I love this statement – “people may experience loss of memory, of movement, of balance, of innovations and control, but they know instinctively when they are loved“

This seems odd to think that you can find happiness and joy in doing the most difficult job of your life. Many people say that caring for someone in their final years and final days is the most important time of their life.

I think a lot of this has to do with empowering the patient and allowing them to have a choice and everything that pertains to them. The author talks about dignity and respect and offering choices instead of suggesting and telling people what to do.

It makes sense when we say it that way, but in frustration and times of stress and anxiety, we probably do tend to tell people what to do which causes the other person anxiety and anger.

This book is full of examples of what she learned through years of journaling her thoughts and feelings about the journey. Her husband did remarkable things even with Alzheimer’s.
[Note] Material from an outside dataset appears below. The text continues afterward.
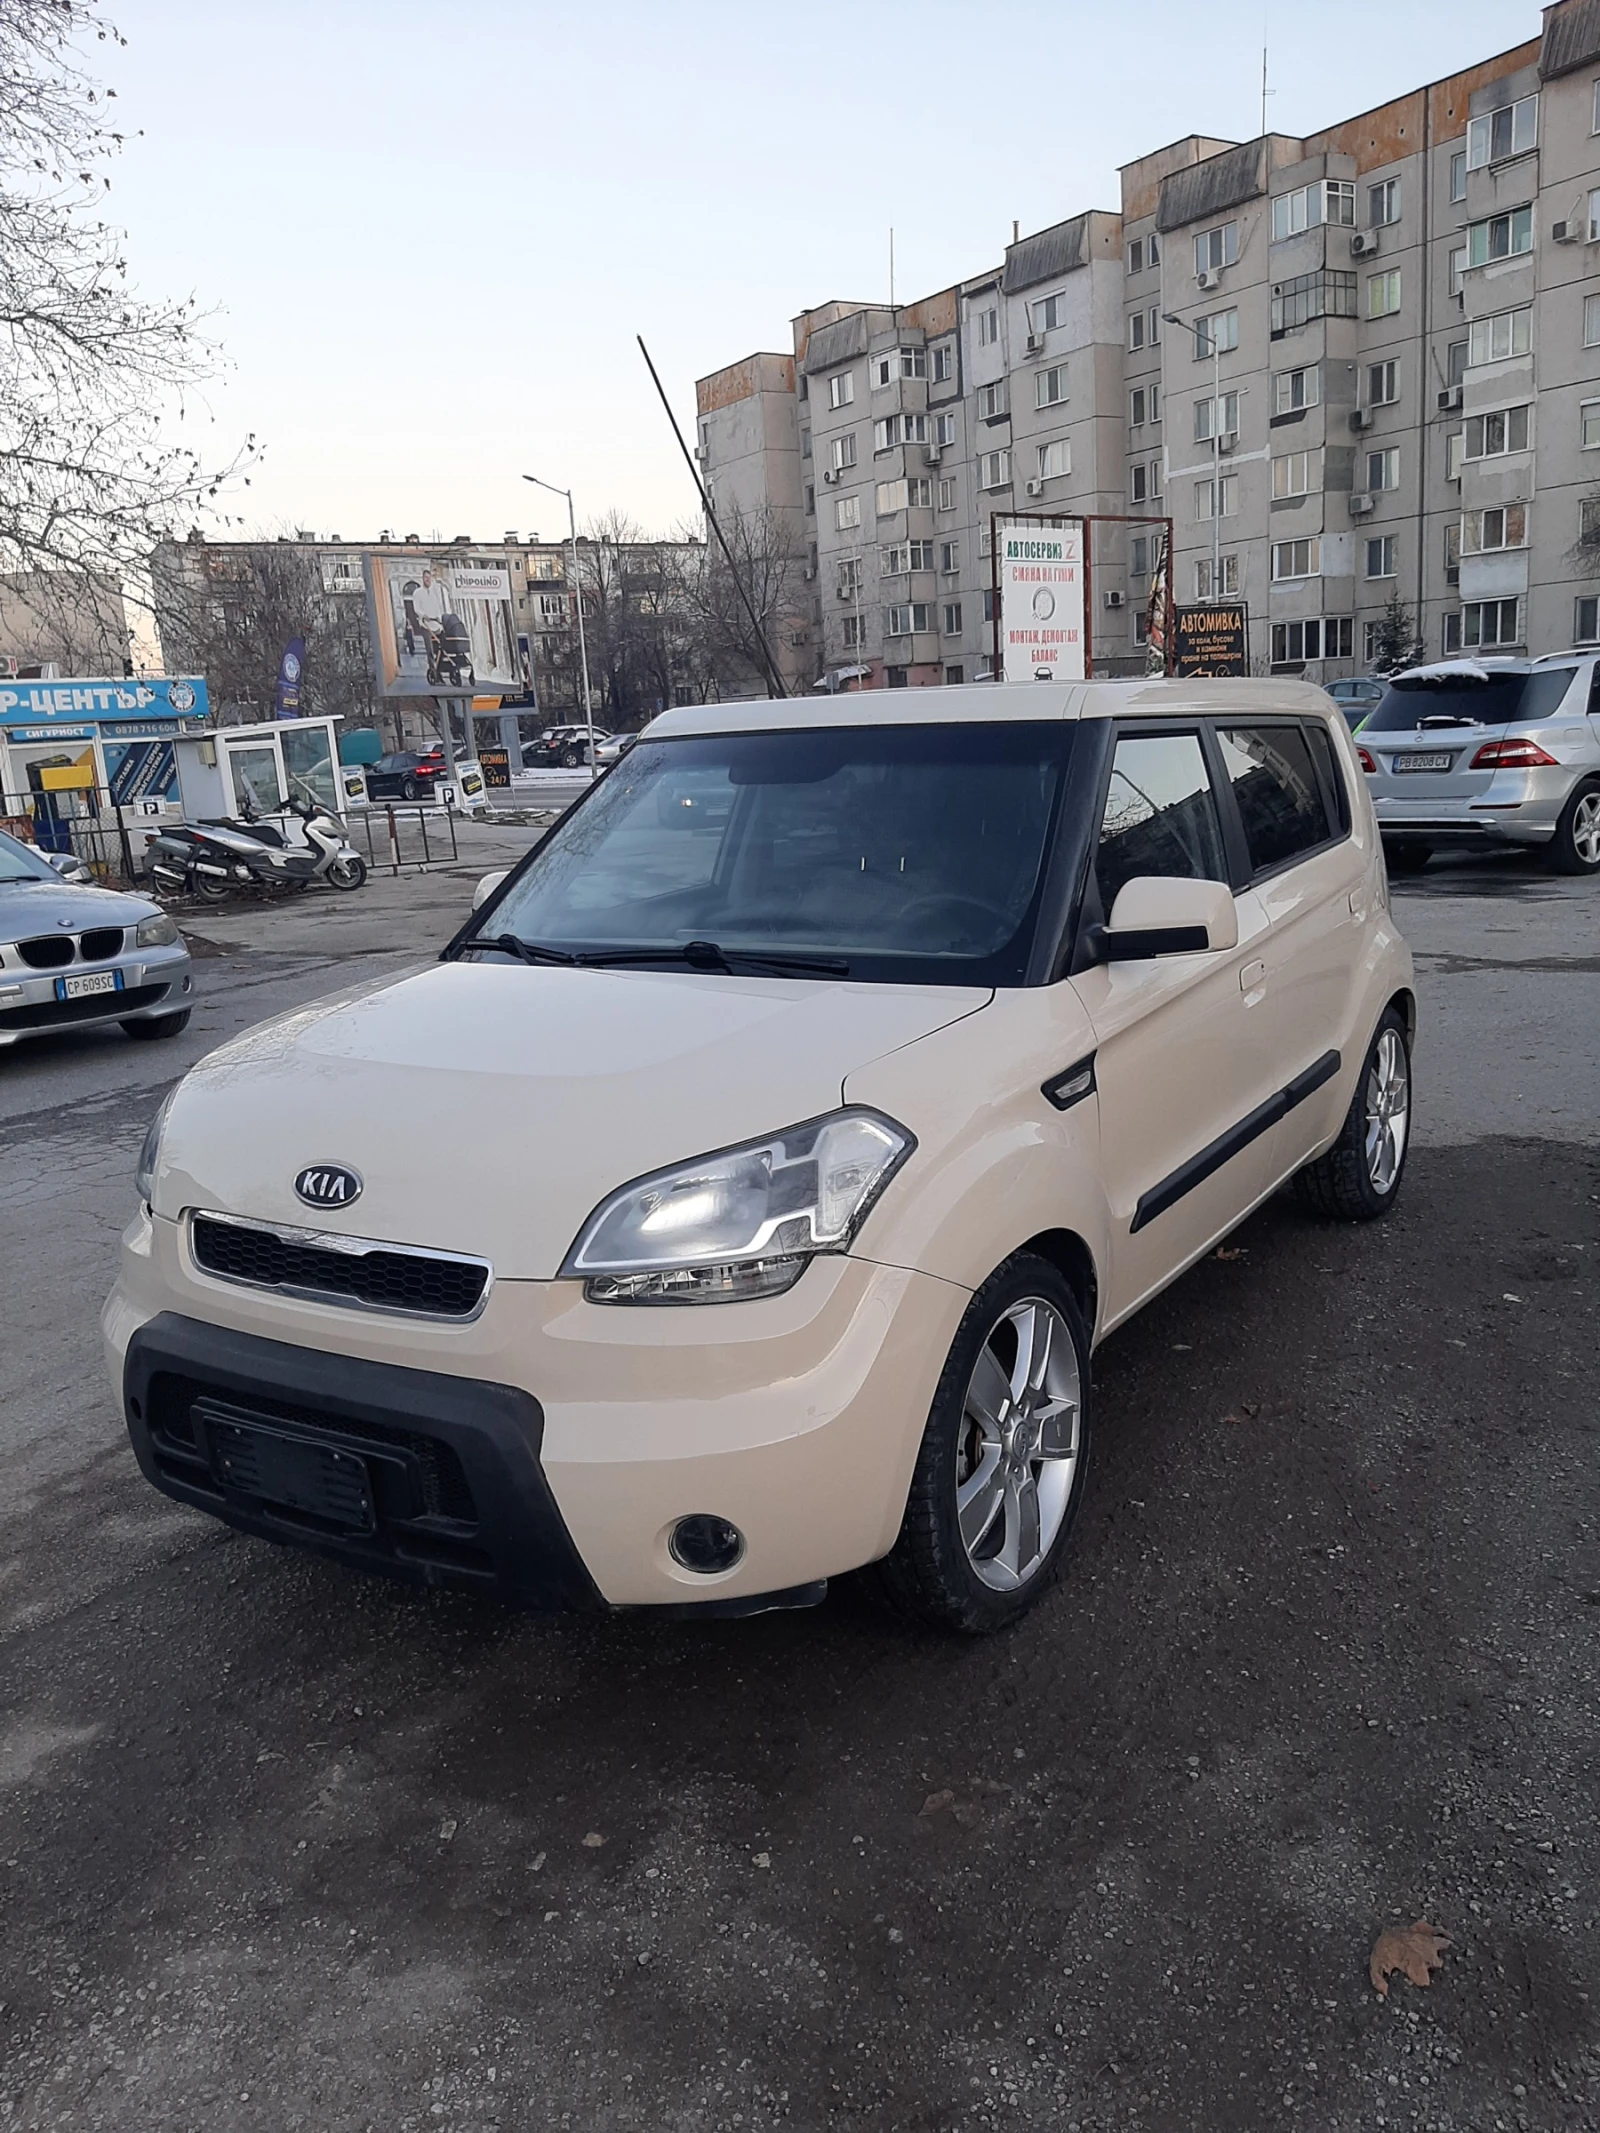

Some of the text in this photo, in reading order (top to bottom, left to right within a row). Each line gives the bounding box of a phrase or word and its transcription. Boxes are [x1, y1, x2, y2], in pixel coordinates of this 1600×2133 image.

This book allows you hope and maybe a different view being the caregiver to someone who is ill.

Berger shares with you information about hiring help, diet, doctors appointments, and so many other tips she learned during her six years plus stint of caretaking. And most importantly, how to give yourselves what you need. Taking care of yourself first allows you to be more capable of taking care of others.
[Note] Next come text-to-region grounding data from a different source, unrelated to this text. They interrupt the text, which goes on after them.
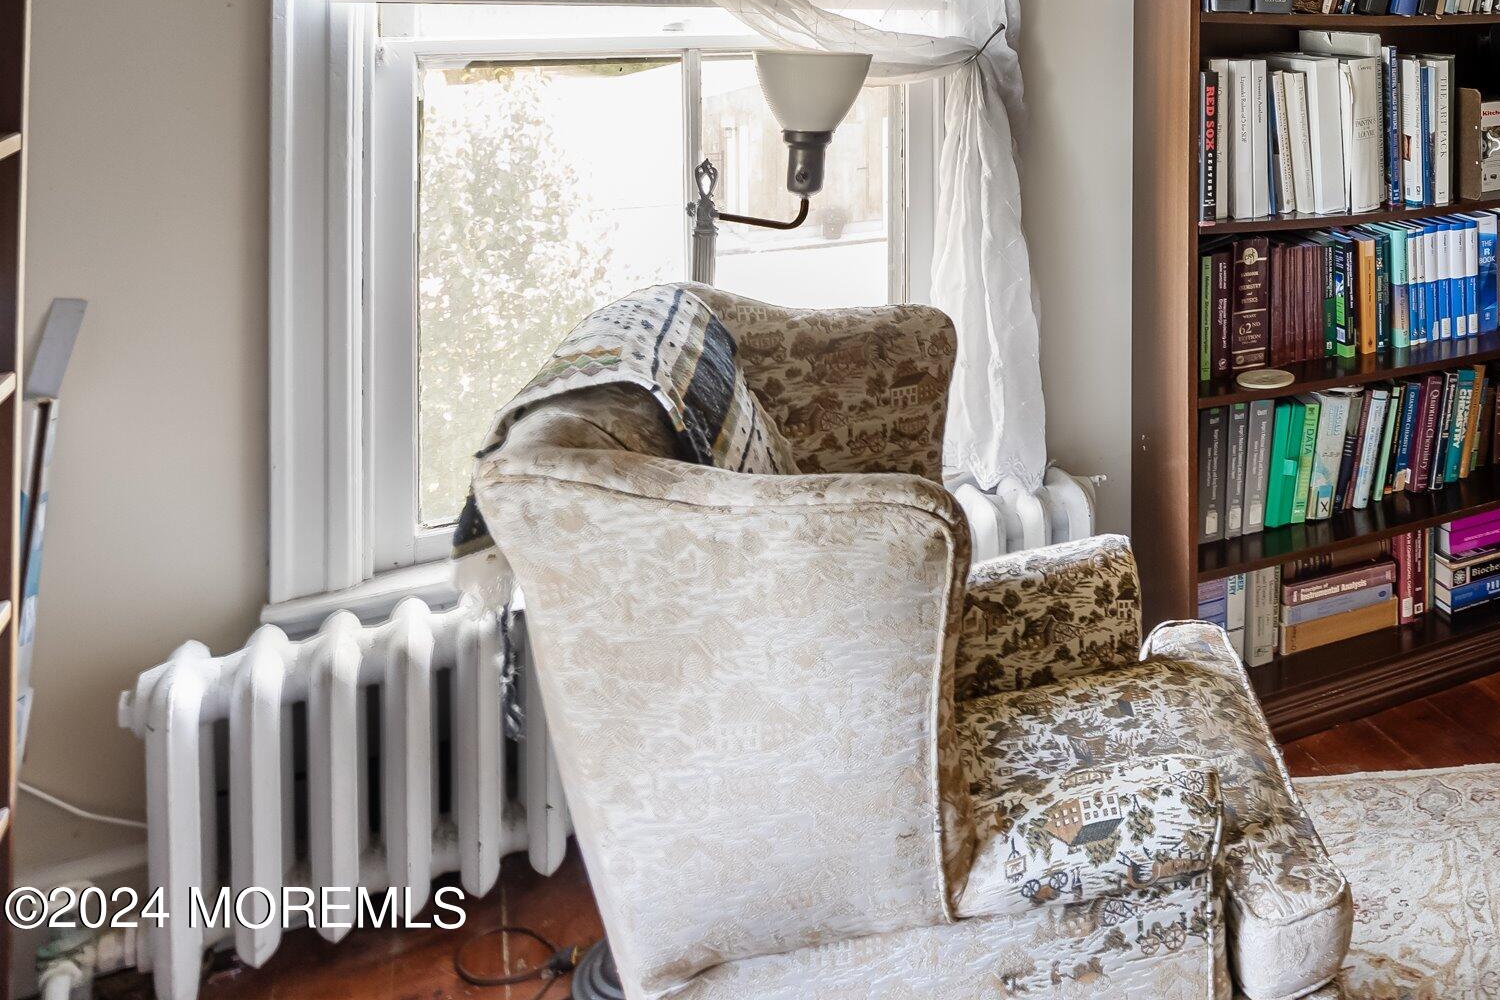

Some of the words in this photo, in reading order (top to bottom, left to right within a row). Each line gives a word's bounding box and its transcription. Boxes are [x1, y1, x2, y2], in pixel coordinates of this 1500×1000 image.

[1206, 86, 1215, 116] RED
[1439, 76, 1447, 99] THE
[1206, 121, 1216, 150] SOX
[1479, 255, 1495, 264] BOOK
[1239, 283, 1261, 291] CHEMISTRY
[1405, 391, 1415, 422] QUANTUM
[1424, 388, 1440, 428] Quantum
[1453, 389, 1466, 448] CHEMISTRY
[1303, 427, 1314, 455] DATA
[1401, 422, 1411, 455] CHEMISTRY
[1418, 427, 1435, 470] Chemistry
[1300, 587, 1340, 601] Instrumental
[1341, 579, 1367, 592] Analysis
Choosing Joy by Helene Berger is an important book for anyone who is giving care to others. I think it will make an impression on you and maybe help someone you may know and love.”

 

GILL

Excellent resource

“As a caregiver for my spouse for over eight years, I found this book to be so helpful as to the author’s practical and doable suggestions. For example: keep a folder with specific medical information to take every time you go to a medical appointment or hospital. I learned practical tips I applied to help organize the journey. This book does not need to be limited to those with Alzheimer’s. It is relevant to any major caregiving situation. I have given these as gifts to friends who are caring for a loved one.”

GirlintheWindow

“Choosing” is the operative word

“So many books about hopeless, terminal diseases focus on the patient, while the caregiver—often a loving life-partner or child—is neglected. Helene Berger’s experience reinforces the reality that Alzheimer’s is not a solo journey. Her discoveries and revelations in caring for her husband, Ady, underscore the important role of the partner/caregiver in the experience of the patient. Faced with a grim diagnosis and a runaway disease, Helene realized that ‘joy’ was a choice within her control. She dedicated herself to creating a life of variables and innovations that kept her husband steeped in moments of joy. This blanket of positivity alleviated the unspoken frustrations that commonly manifest in terminal patients, elevating Ady’s day-to-day existence to the point of relaxing many common attributes of advanced Alzheimer’s. As a result, the waning years of Ady’s life were spent in joy rather than agony, and Helene is left with the blessing that she made a difference in both his life and his death. Choosing Joy is not just a must-read guide for anyone who has or will deal with a chronically or terminally ill family member, it is also a love story that reminds us that the power of human connection is the best medicine of all.”

HH

An Incredible book!

“In astonishing depth and detail, Helene Berger’s guide to the perplexed entering the uncharted territory of dementia, Alzheimer, or other infirmities, offers practical advice to caretakers and kin on exercise, diet, sleep, safety, finding the right aides, and much more. At the same time, she offers encouragement — and even hope. As she tells the story of her husband Ady and how he…flourished under the regimen outlined and the philosophy that “reality is ours to make,” we begin to believe in happier outcomes for those we love who are afflicted with decline. A book that speaks to the inalienable dignity and godly spirit of every person.”